Automatically detect paper-based form fields.
Installation
Prerequisites
apt-get install libunwind8
Download a build
- Press on the badge to consult Circle CI website
- Choose a successful build
- Consult Artifacts
- Expand project/bin
- Download the right version (which depend on ubuntu version)
Or you may want to use the API to get artifacts URL (from the latest build):
https://circleci.com/api/v1.1/project/github/OpenFieldReader/OpenFieldReader/latest/artifacts
Installation
Ubuntu 14.04 x64
dpkg -i openfieldreader-ubuntu.14.04-x64.deb
Ubuntu 16.04 x64
dpkg -i openfieldreader-ubuntu.16.04-x64.deb
Ubuntu 16.10 x64
dpkg -i openfieldreader-ubuntu.16.10-x64.deb
Usage
openfieldreader [args]
Uninstallation
apt-get remove -y openfieldreader
Description
It only focuses on paper-based forms. Because handwriting text represents valuable data. They can help automatically detect entities involved. Printed characters can be processed by tesseract 4.

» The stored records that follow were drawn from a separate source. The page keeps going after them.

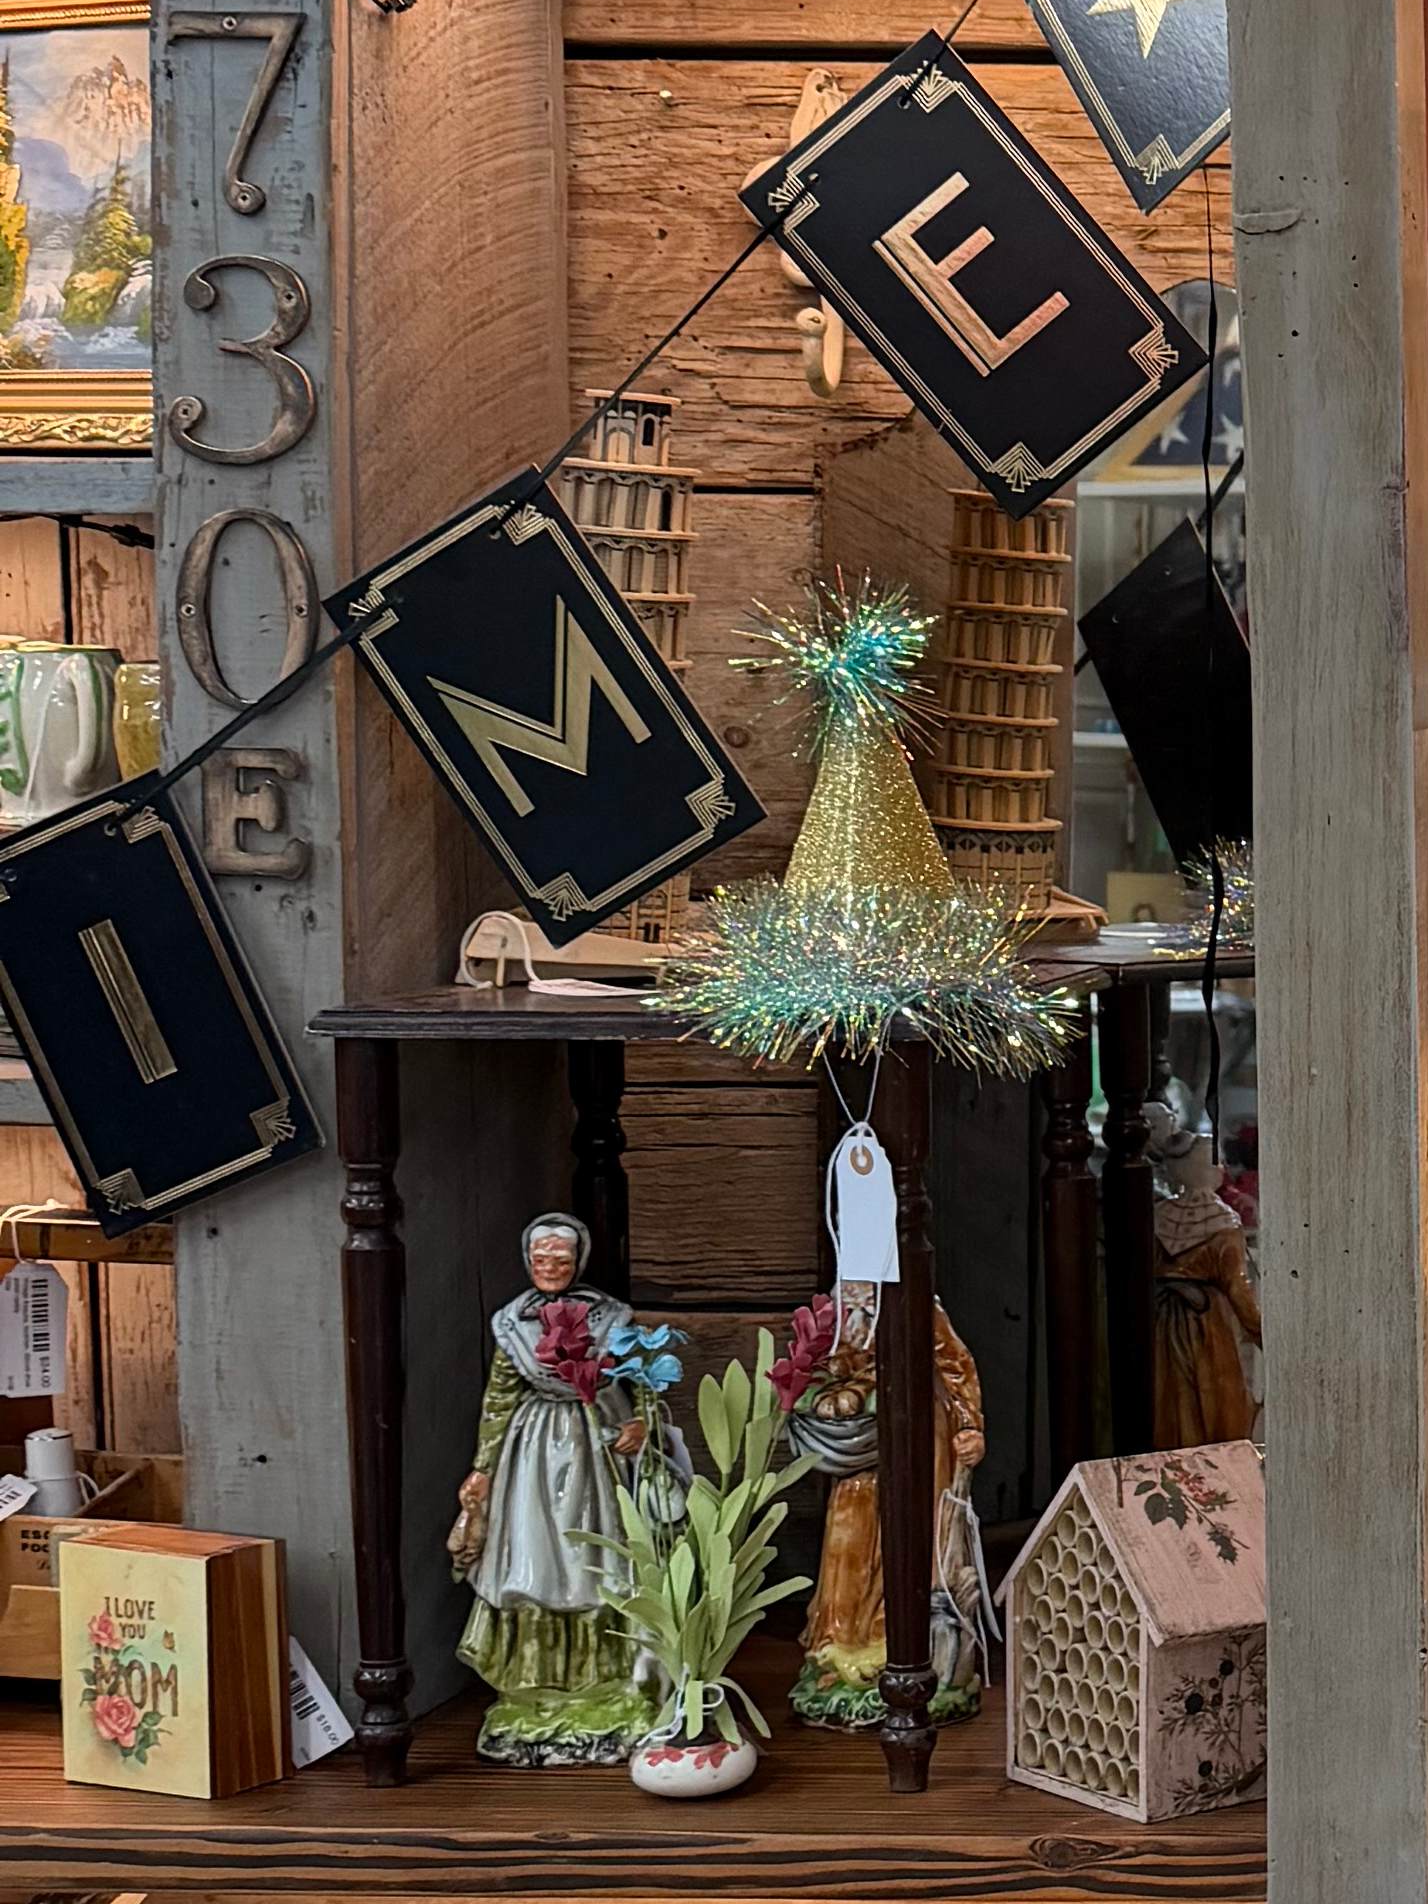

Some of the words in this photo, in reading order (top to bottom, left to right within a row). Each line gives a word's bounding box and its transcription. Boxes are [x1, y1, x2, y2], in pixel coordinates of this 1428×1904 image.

[104, 1596, 112, 1617] I
[114, 1597, 156, 1621] LOVE
[119, 1622, 146, 1639] YOU
[93, 1655, 178, 1717] MOM
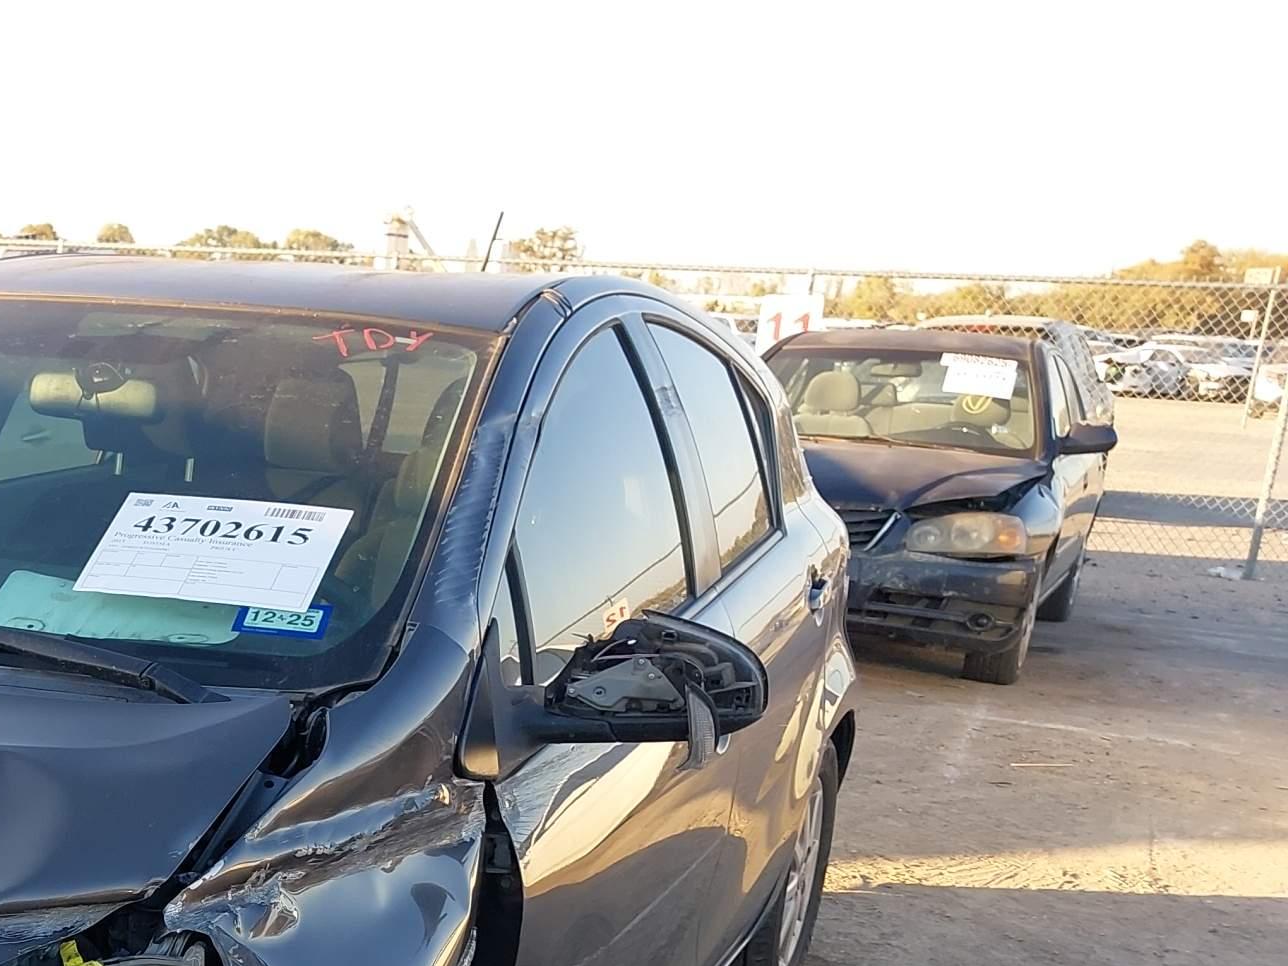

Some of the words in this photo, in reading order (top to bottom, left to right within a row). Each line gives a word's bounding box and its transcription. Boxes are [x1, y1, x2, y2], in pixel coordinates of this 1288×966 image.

[114, 531, 166, 541] Progressive
[167, 535, 207, 545] Casualty
[208, 538, 254, 548] Insurance
[133, 515, 314, 546] 43702615
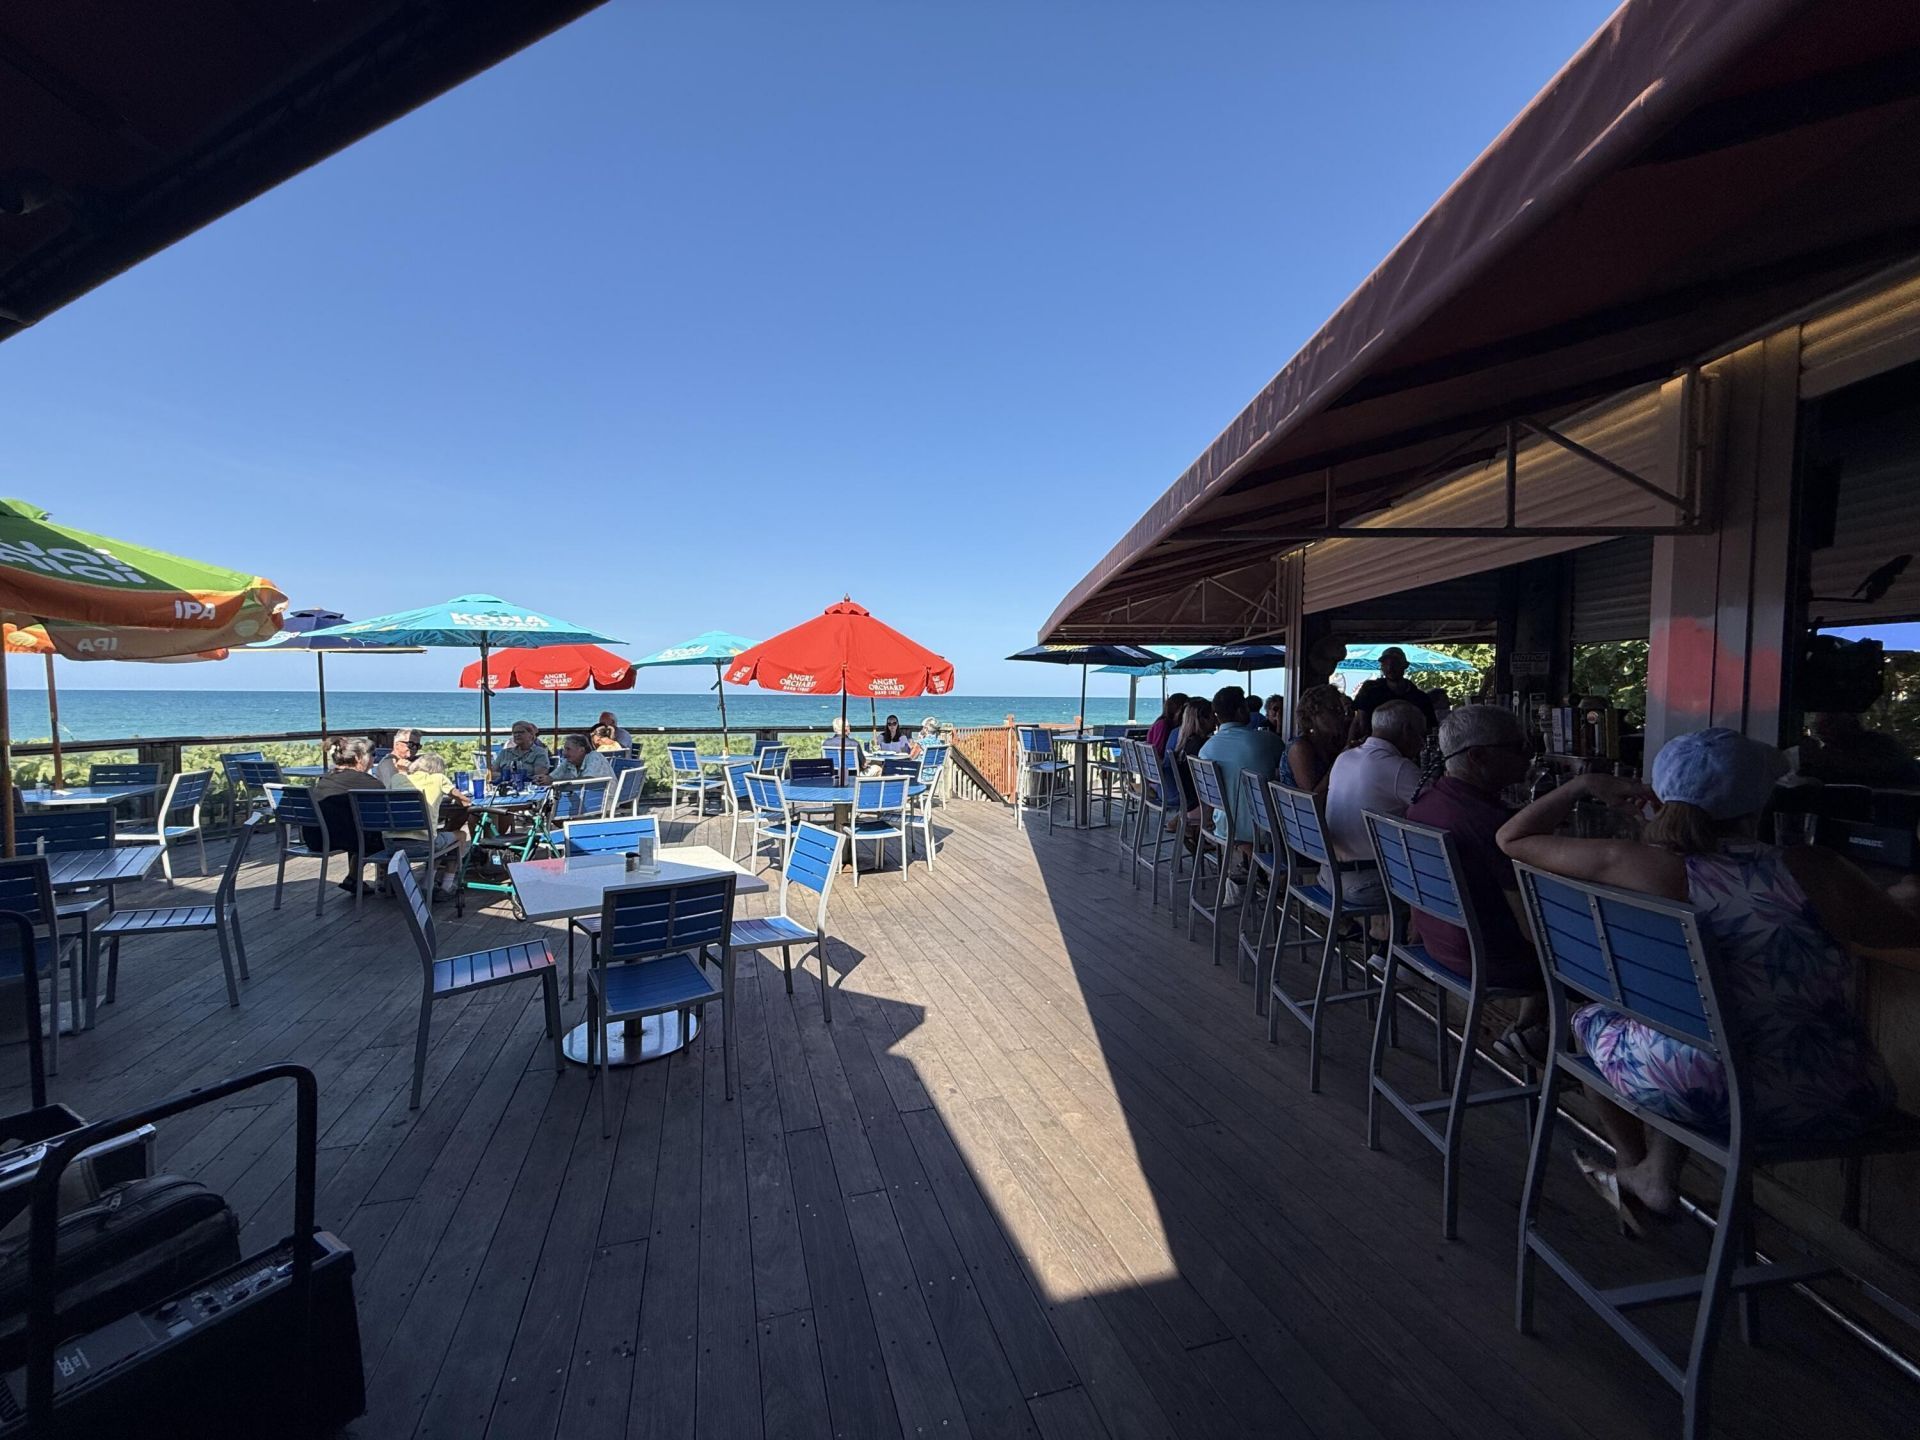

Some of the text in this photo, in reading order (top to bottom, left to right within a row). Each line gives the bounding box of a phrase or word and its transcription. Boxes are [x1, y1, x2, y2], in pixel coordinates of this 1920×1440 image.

The algorithm run a ICR cell-detection analysis. So, no need to define a template.
- First, we extract lines and we suppose we have ICR cell corners (line junctions).
- After, we estimate width between cells and we interconnect corners. (horizontally)
- Finally, we join top and bottom corners.
We recommend to:
- run preprocessing, noise reduction, image resizing to support different resolutions, etc.
- scan at a resolution of 300dpi for best results
It can be used for other purpose as well. For example, it can extract cells from a sudoku grid. If you think about it, you can see it as 9 fields with 9 characters each.
Segmentation methods
We only support joined frame.
Copyright and license
Code released under the MIT license.